Tampak dihadapannya seorang pemuda tinggi dengan rambut raven gelap yang menyerupai pantat ayam dengan jaket kulit di tubuh. Wajah Hinata memerah menyadari betapa tampannya pria tersebut. "A-ano, apa kau tidak apa-apa? Terima kasih karena sudah menolongku." Ujar Hinata gugup.
Entah kenapa rasanya ia pernah melihat wajah itu tapi dimana ya?
Pria itu tidak menjawab, justru menatap dingin gadis tersebut. Dipakainya kembali kacamata mahal miliknya.
"Apa kau itu bodoh?" sindir pria itu.
Hinata melongo mendengarnya, "Ma-maaf?"
Pria asing itu mendengus, "Berdiri diam di tengah-tengah jalan tanpa berniat untuk menyingkir. Padahal ada mobil dari arah depanmu yang jelas-jelas akan menabrakmu. Otakmu itu kau taruh dimana? Di kaki heh?"
Hinata jelas merasa tersinggung. "Maaf tuan, tapi sekedar informasi, BUKAN SAYA yang berniat untuk ditabrak, justru SAYA adalah KORBAN disini. Asal anda tahu, saya juga TIDAK INGIN mati. Saya berterima kasih karena tuan sudah menolong saya, saya benar-benar berhutang nyawa dengan tuan. Saya janji suatu saat akan membalas budi.
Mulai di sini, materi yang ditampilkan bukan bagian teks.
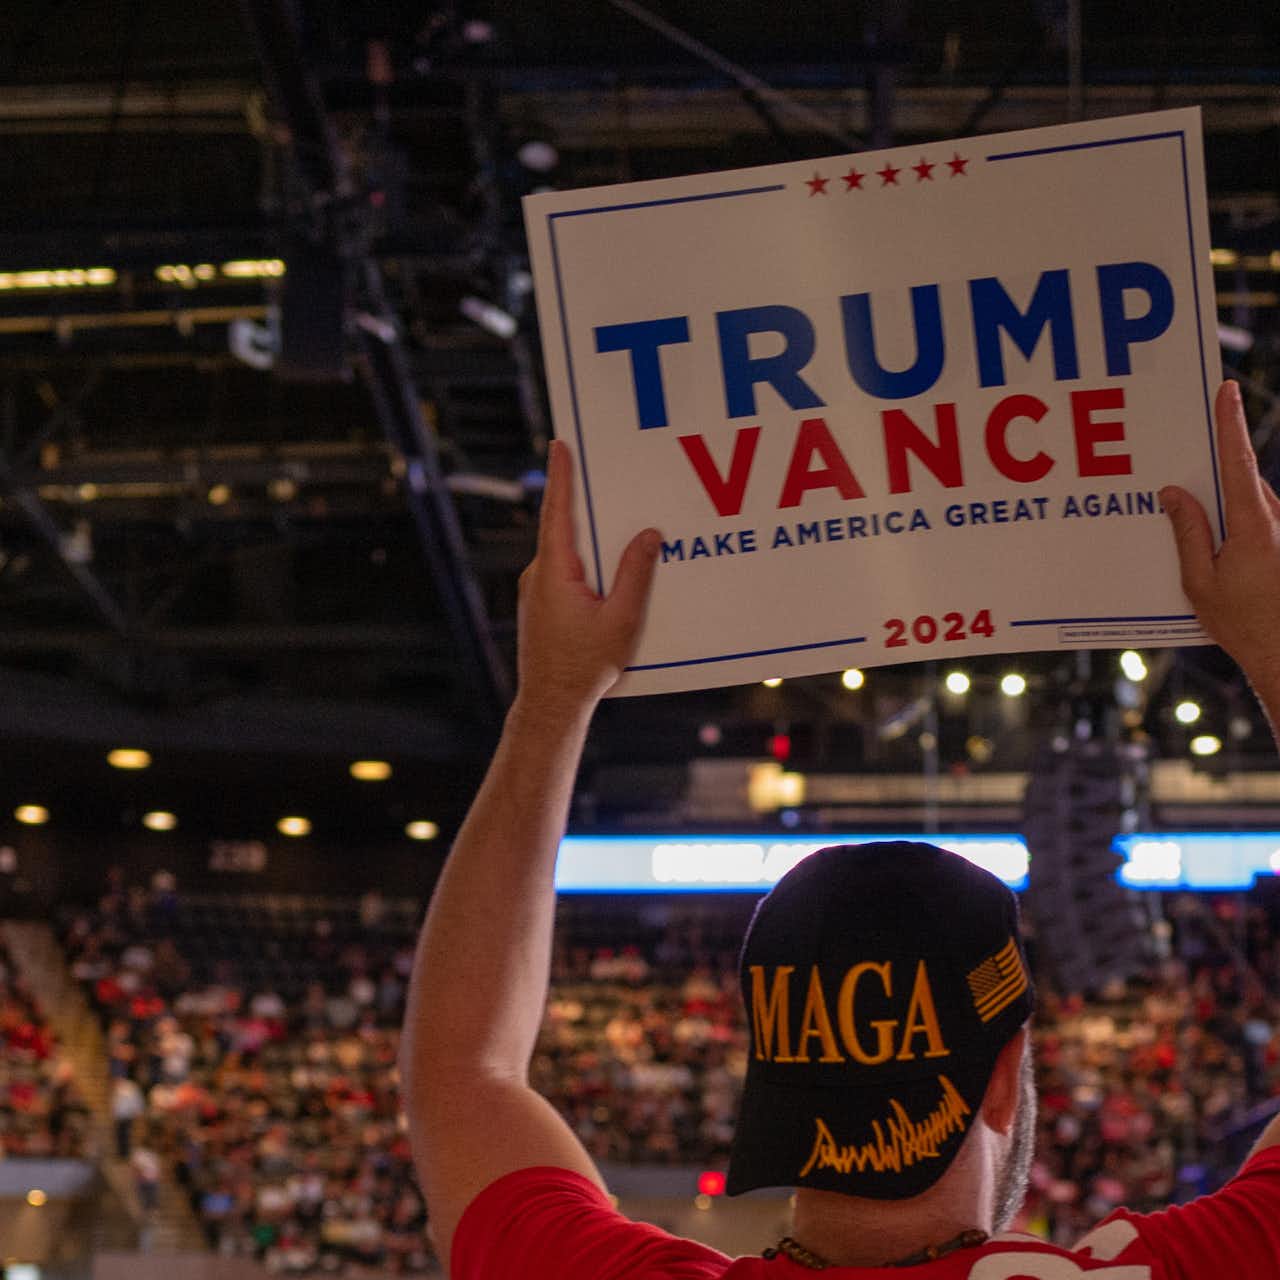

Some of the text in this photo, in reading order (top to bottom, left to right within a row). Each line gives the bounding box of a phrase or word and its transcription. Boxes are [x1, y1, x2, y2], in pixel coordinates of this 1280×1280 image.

Tapi BUKAN dengan cara anda MENGOLOK-OLOK saya seperti ini." Hinata berbicara dengan penuh penekanan, jangan lupa dengan senyum menyeramkan di wajahnya.
Memang pria itu siapa berani menyebut orang lain dengan sebutan bodoh?!
Menghadapi pria angkuh seperti itu didepannya, Hinata tidak boleh mundur. Ia balas menyerang, dengan memberitakan death glare, mungkin cara itu kurang sopan mengingat pria itu telah menyelamatkannya dari korban tabrak lari. Tapi menghadapi pria songong semacam itu, Hinata tidak bisa diam begitu saja.
Pria tampan itu menekuk alisnya, beberapa detik kemudian ia tertawa.
"Aneh, apanya yang lucu?" Tanya Hinata pada batinnya sendiri.
"Kau!" Pria itu menunjuk Hinata. Senyumnya naik keatas, tampak menyebalkan di mata gadis itu.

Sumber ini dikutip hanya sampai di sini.